Vertical pull turns the skill into a hard chest-to-bar attempt; cue hips to rings and pull to ribs.

Chicken wing (one arm over first) from late turnover or loose rings; drill low‑ring turnover with feet assist.

No finish—rushing the next swing before locking out the dip; practice pause in support.

Progressions & Drills

Layer the skill: first shapes and shoulder depression, then hip drive height, then a controlled turnover, and finally efficient cycling.

Use submax sets and EMOMs so timing improves without redlining grip or shoulders.

🧱 Progressions 🧱

  • Beat Swings + Scap Pulls – 3×10 swings, 3×8 scap pulls to prime depression
  • Hips‑to‑Rings Drill – on low rings with light toe assist, pop hips up to contact rings
  • Low‑Ring Turnover – transition to support with feet on floor/box, then negative back to hang

🦾 Drills 🦾

  • Hip Pop + Single Rep – from full hang, one explosive kip into a single MU, drop and reset
  • Singles EMOM – 10 minutes of crisp singles before linking reps

Mobility Focus

Shoulder extension for the dip, shoulder flexion and external rotation for the turnover, and strong forearm flexors for any deep grip demands are key.

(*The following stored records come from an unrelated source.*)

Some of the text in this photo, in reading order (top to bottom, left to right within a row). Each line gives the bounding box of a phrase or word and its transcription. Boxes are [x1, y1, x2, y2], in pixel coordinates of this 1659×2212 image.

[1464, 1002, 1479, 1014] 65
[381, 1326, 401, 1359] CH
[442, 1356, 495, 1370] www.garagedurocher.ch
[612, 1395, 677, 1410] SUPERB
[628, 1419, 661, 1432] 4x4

Prep flow: thoracic extensions on foam roller (10–12), banded lat stretch 2×30 s/side, ring support holds 3×10–15 s, and wrist rocks for false/deep grip tolerance.

Benefits & Carryover

Kipping ring muscle-ups develop coordination across the entire kinetic chain—useful for faster transitions in gymnastics work and for upper‑body power endurance.

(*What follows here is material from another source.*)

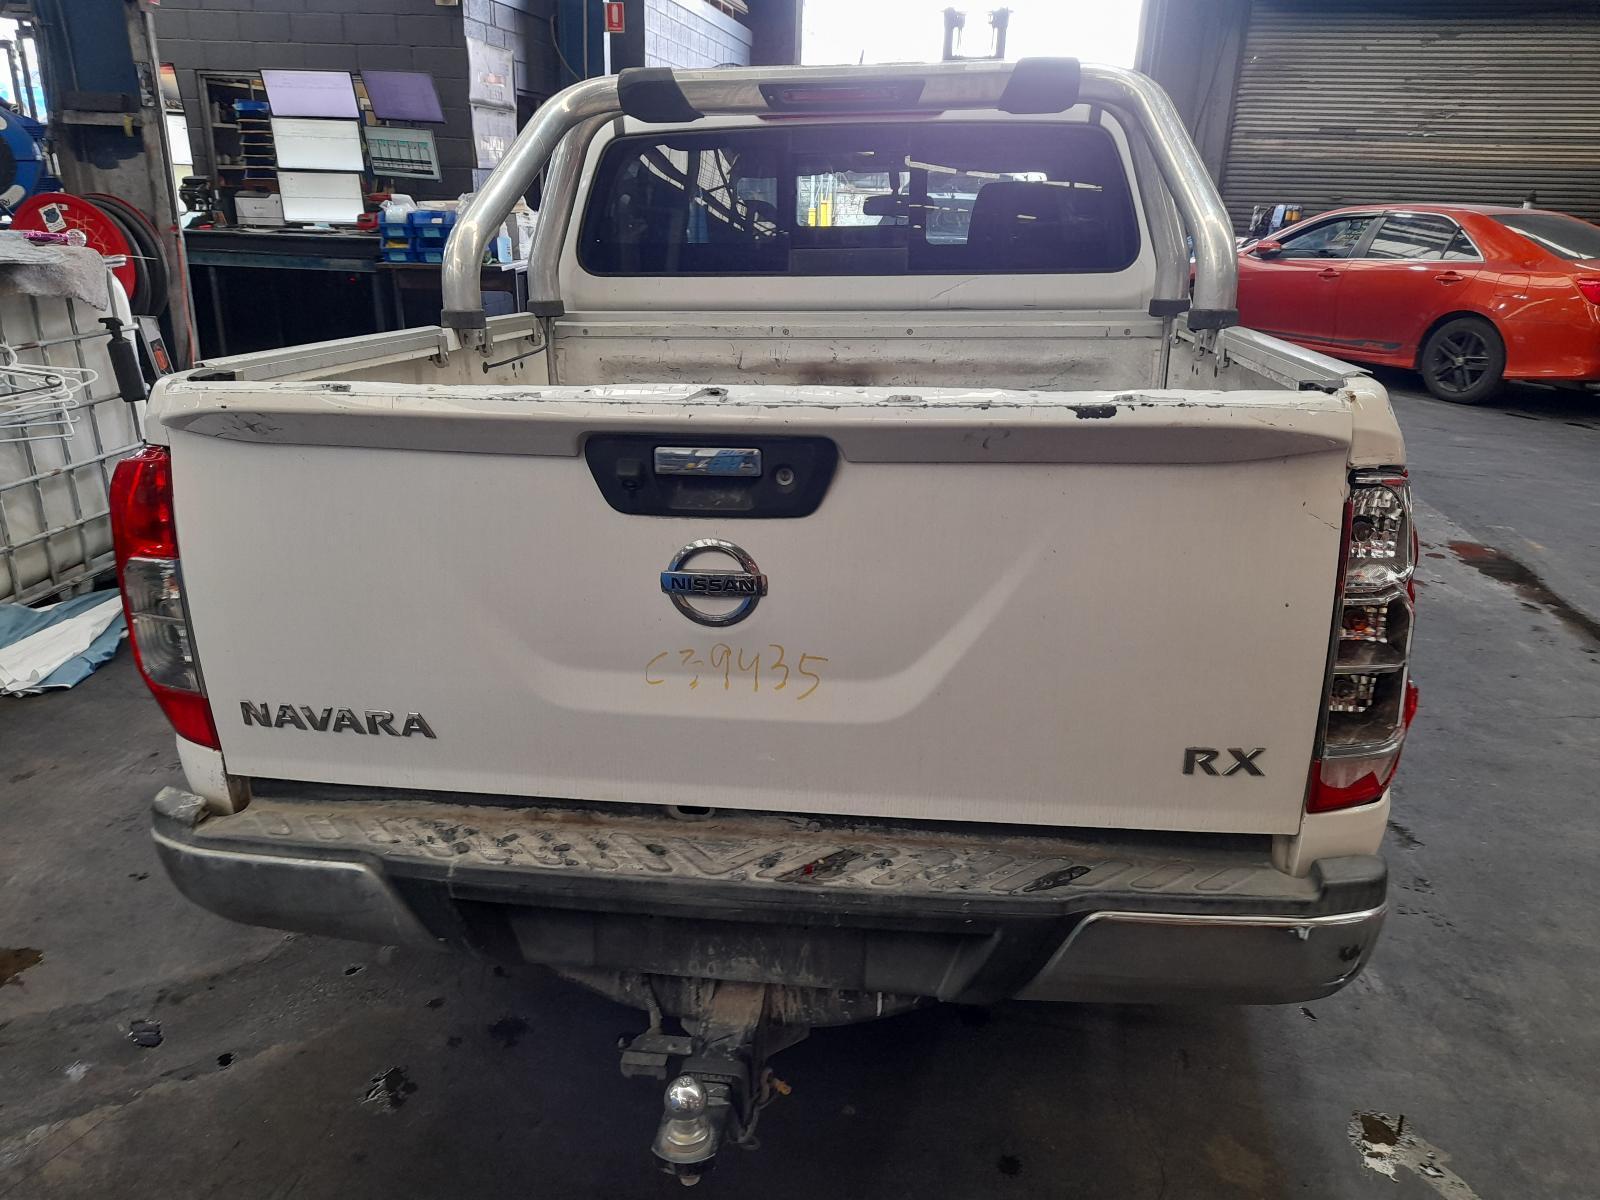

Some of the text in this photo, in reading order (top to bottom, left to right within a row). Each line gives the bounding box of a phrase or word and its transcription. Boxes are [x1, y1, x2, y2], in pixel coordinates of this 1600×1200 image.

The support and dip lockout strengthen triceps and shoulder stabilizers that carry over to handstand push‑ups and overhead barbell work.

Programming Tips

Place skill work while fresh (after general warm‑up, before heavy pressing). Use low‑rep practice, then short EMOMs or intervals to build repeatability.

In met‑cons, choose set sizes you can perform unbroken with perfect shapes; if rhythm slips, downshift to chest‑to‑bar or ring pull‑ups to protect shoulders.

  • Skill EMOM: 12 min – 1–3 kipping ring MU @ smooth pace
  • Capacity Builder: 5 rounds – 4 MU + 12 wall balls; rest 90 s
  • Met‑Con: For time – 10‑8‑6‑4‑2 MU with 200 m run between sets

Kipping Ring MU vs. Strict Ring MU vs. Bar MU

Choose the right variation based on strength, shoulder health, and the workout goal:

  • Strict Ring MU – highest strength demand; best for shoulder robustness
  • Kipping Ring MU – hip drive + turnover for faster reps; requires clean shapes and stable support
  • Bar MU – more predictable implement; slightly less shoulder stability demand than rings but harder to turnover since you can't manipulate/move bar like with rings

Wrap-Up

Kipping ring muscle-ups reward crisp shapes, low pulls to the rings, and fearless but controlled turnover. Build them on strict strength and stable ring support so speed never outruns positions. Keep practice doses small and technical, then expand volume once every rep hits full support and lockout without chicken wings.